Eight fuel-tanker trucks were drawn up in a neat line inside a heavily secured compound, with a ninth tanker parked alongside the big overground pumps that drew fuel up from an underground cistern. This one tanker was currently being filled, hoses trailing from it across the carbocrete. He didn’t know if the other eight were waiting to be filled or already full, but it didn’t matter. He hit the hose first, then concentrated his aim on the pumps, all to spectacular effect.
Burning liquid fuel flooded from the ruptured pipe, pursuing three personnel trying to escape across the carbocrete, but even when they reached the compound fence and tried to climb it, they weren’t quick enough. The firestorm expanded from the compound in a steadily widening tide. Within, it flowed underneath the tanker parked beside the pumps, then spread across and underneath all the other tankers, so that in moments their tyres were burning. Next the pumps blew, hurling chunks of heavy machinery high into the air.

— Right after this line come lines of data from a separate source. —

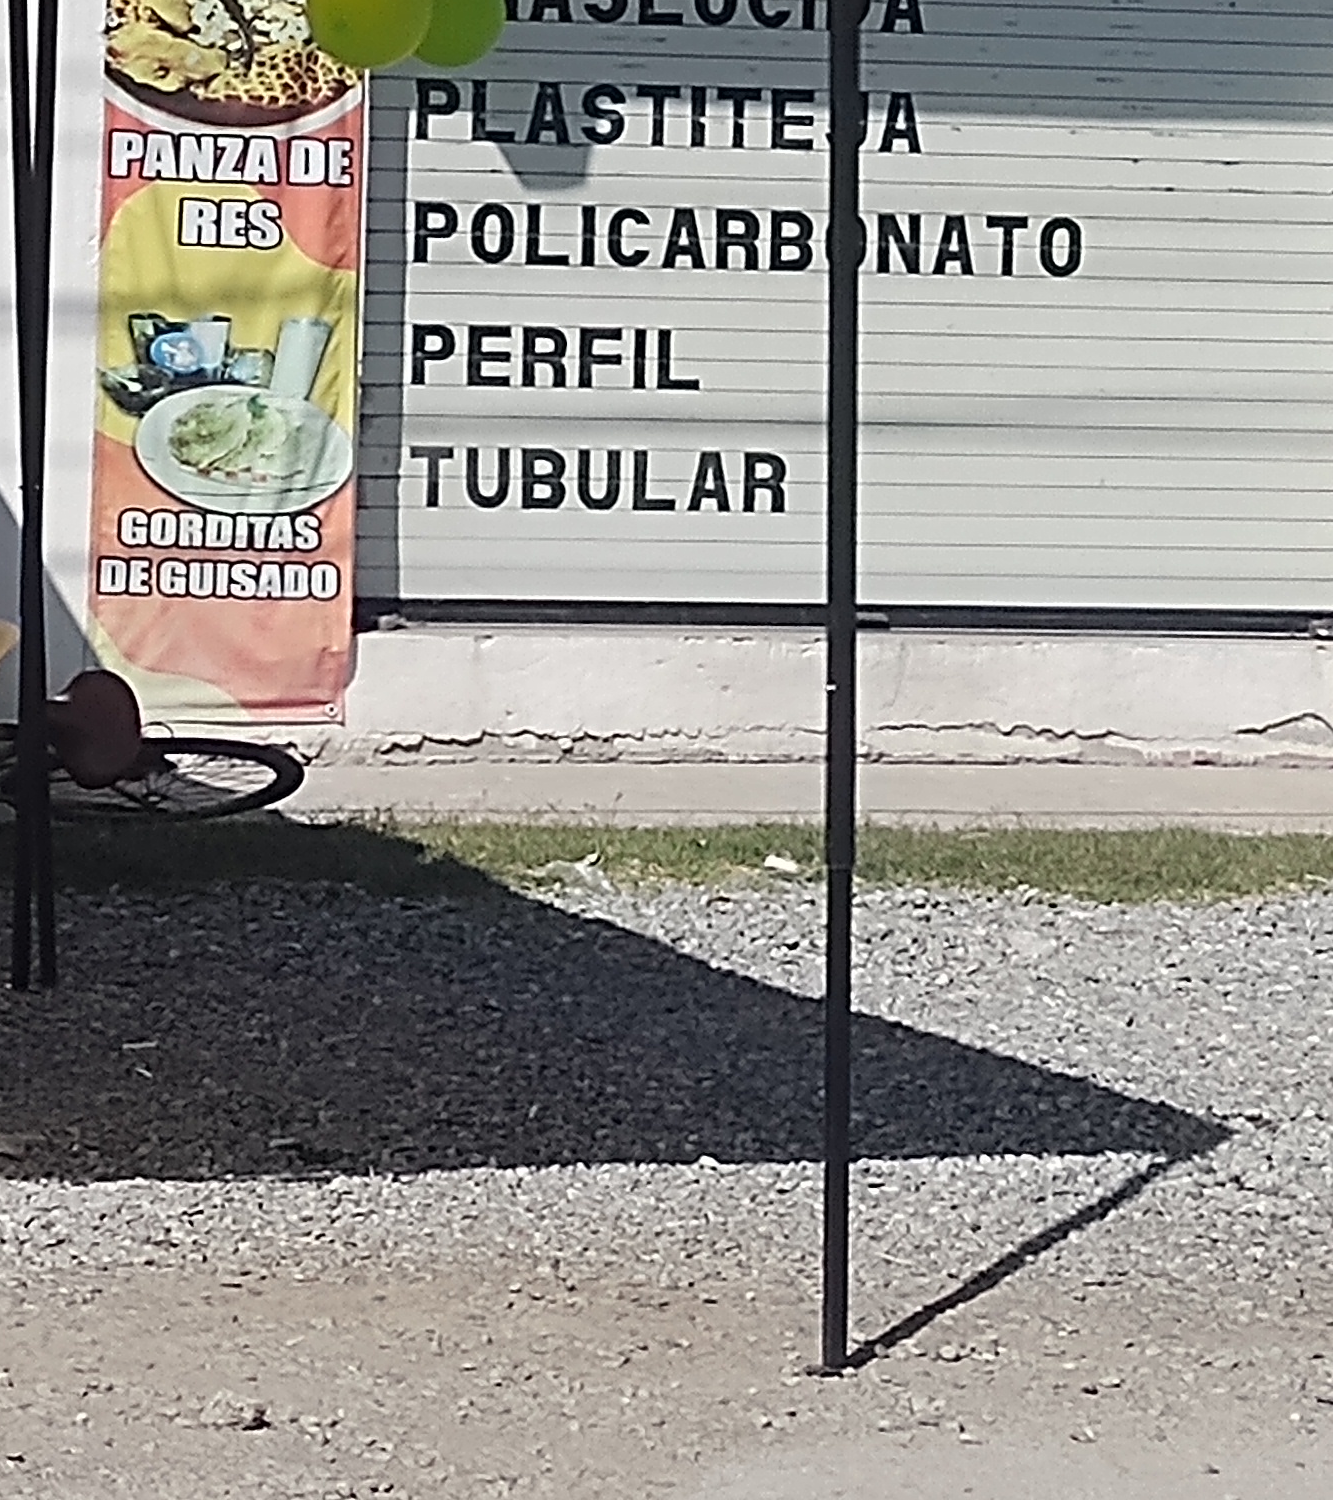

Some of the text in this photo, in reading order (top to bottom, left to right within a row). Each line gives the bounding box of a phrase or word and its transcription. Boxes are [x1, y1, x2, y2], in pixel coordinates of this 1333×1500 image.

[109, 129, 354, 188] PANZA DE
[177, 198, 283, 250] RES
[410, 323, 701, 392] PERFIL
[410, 446, 788, 514] TUBULAR
[118, 509, 321, 551] GORDITAS
[97, 557, 340, 600] DE GUISADO

The blast rolled the loading tanker straight into the neat row of its fellows, spewing a jet of flame from its filler port. At this point, a tanker in the middle of the row exploded, overturning the one next to it. Then the underground tank began itself to spew blazing fuel, erupting from where the pumps had stood like a mini-volcano. Saul saw fences sagging and collapsing, with a few burning remnants still clinging to them of those who had been trying to flee. It was so hot down there that the wire began melting. Another tanker blew, and yet another, a moment later, then his view was blotted out by the thick black smoke cloud rising from the firestorm.

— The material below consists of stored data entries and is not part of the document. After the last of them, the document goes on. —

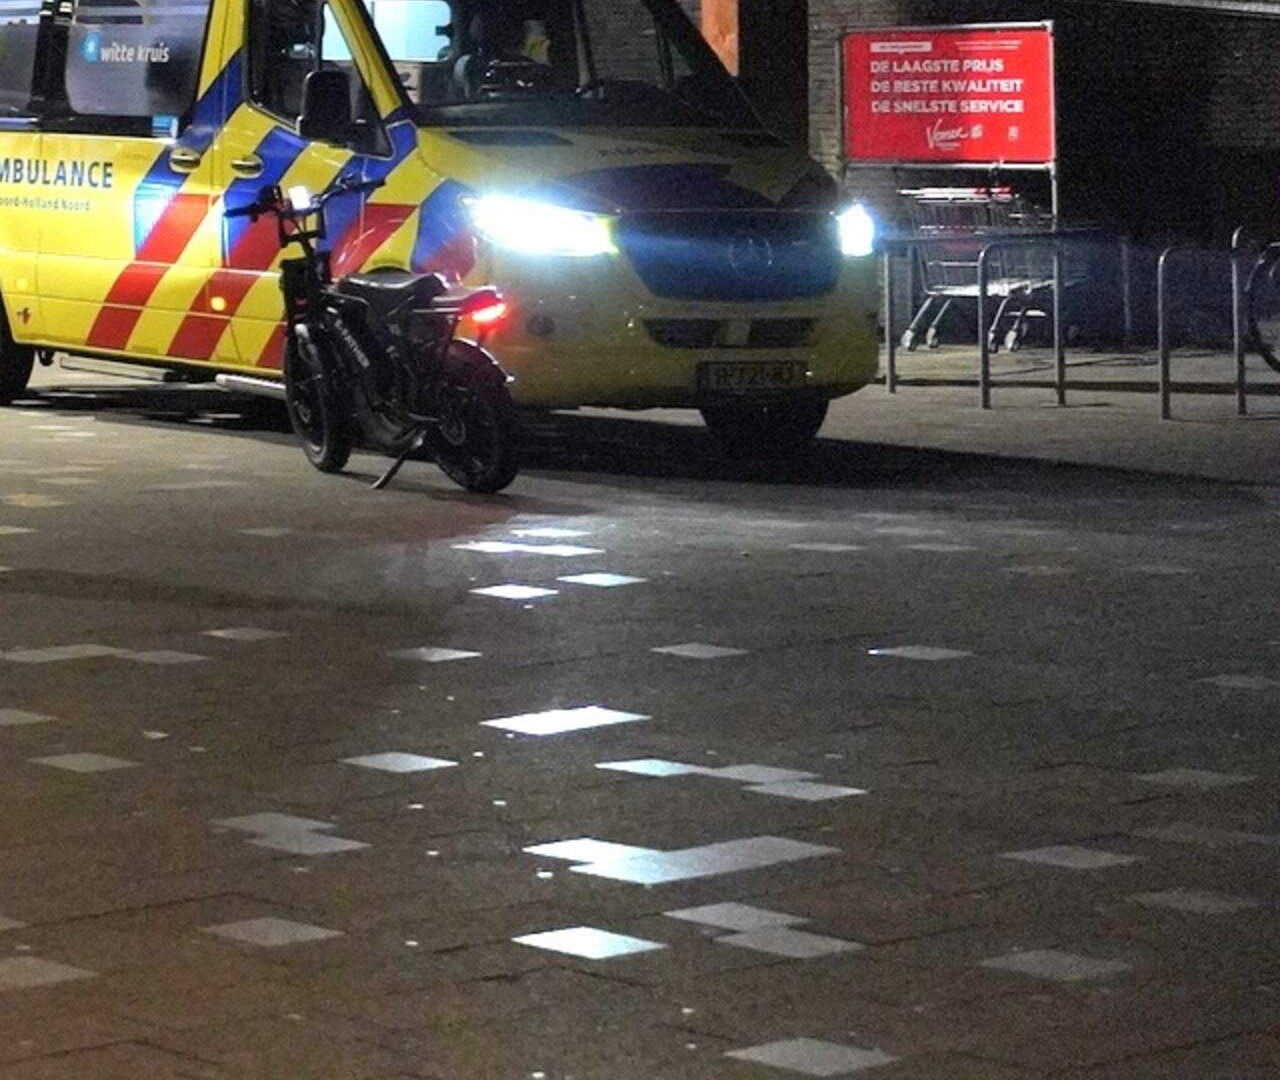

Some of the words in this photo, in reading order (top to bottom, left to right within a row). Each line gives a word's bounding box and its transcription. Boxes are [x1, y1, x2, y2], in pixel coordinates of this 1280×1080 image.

[100, 41, 135, 62] witte
[137, 41, 170, 63] kruis
[870, 61, 890, 73] DE
[893, 60, 959, 73] LAAGSTE
[962, 58, 1004, 73] PRIJS
[871, 80, 890, 93] DE
[893, 80, 939, 93] BESTE
[942, 79, 1024, 93] KWALITEIT
[871, 100, 891, 113] DE
[893, 100, 958, 113] SNELSTE
[961, 100, 1024, 113] SERVICE
[61, 195, 91, 211] Noord

Saul immediately turned his attention to securing his gains but, oddly, Smith merely retreated from him.
“Hopefully I’ve delayed any more launches out of Minsk for a while,” Saul declared, “but there are four planes already on their way up here, and we need to find a way of dealing with them within the next hour.”
The short corridor led directly into the lobby of Tech Central, where Saul could see the result of one of his earlier actions. Two guards sprawled motionless behind overturned metal desks, large portions of their heads spread across the floor and up the wall behind them.
“And how did you stop further launches?” Hannah enquired, her tone flat, her face pale.
“I want to see, too,” said Braddock, glancing at Saul with something akin to admiration.
They entered Tech Central to the sound of hammering from within the adjacent toilet.
“Be quiet!” Braddock bellowed.
A couple of surprised exclamations issued from within, and the noise ceased. Saul peered through the two cams in there to see a man and two women clad in the cheap standard garments of technicians. Then he turned to study the rest of Tech Central as he began finessing his control of every system that originated from here, and still remained within his compass.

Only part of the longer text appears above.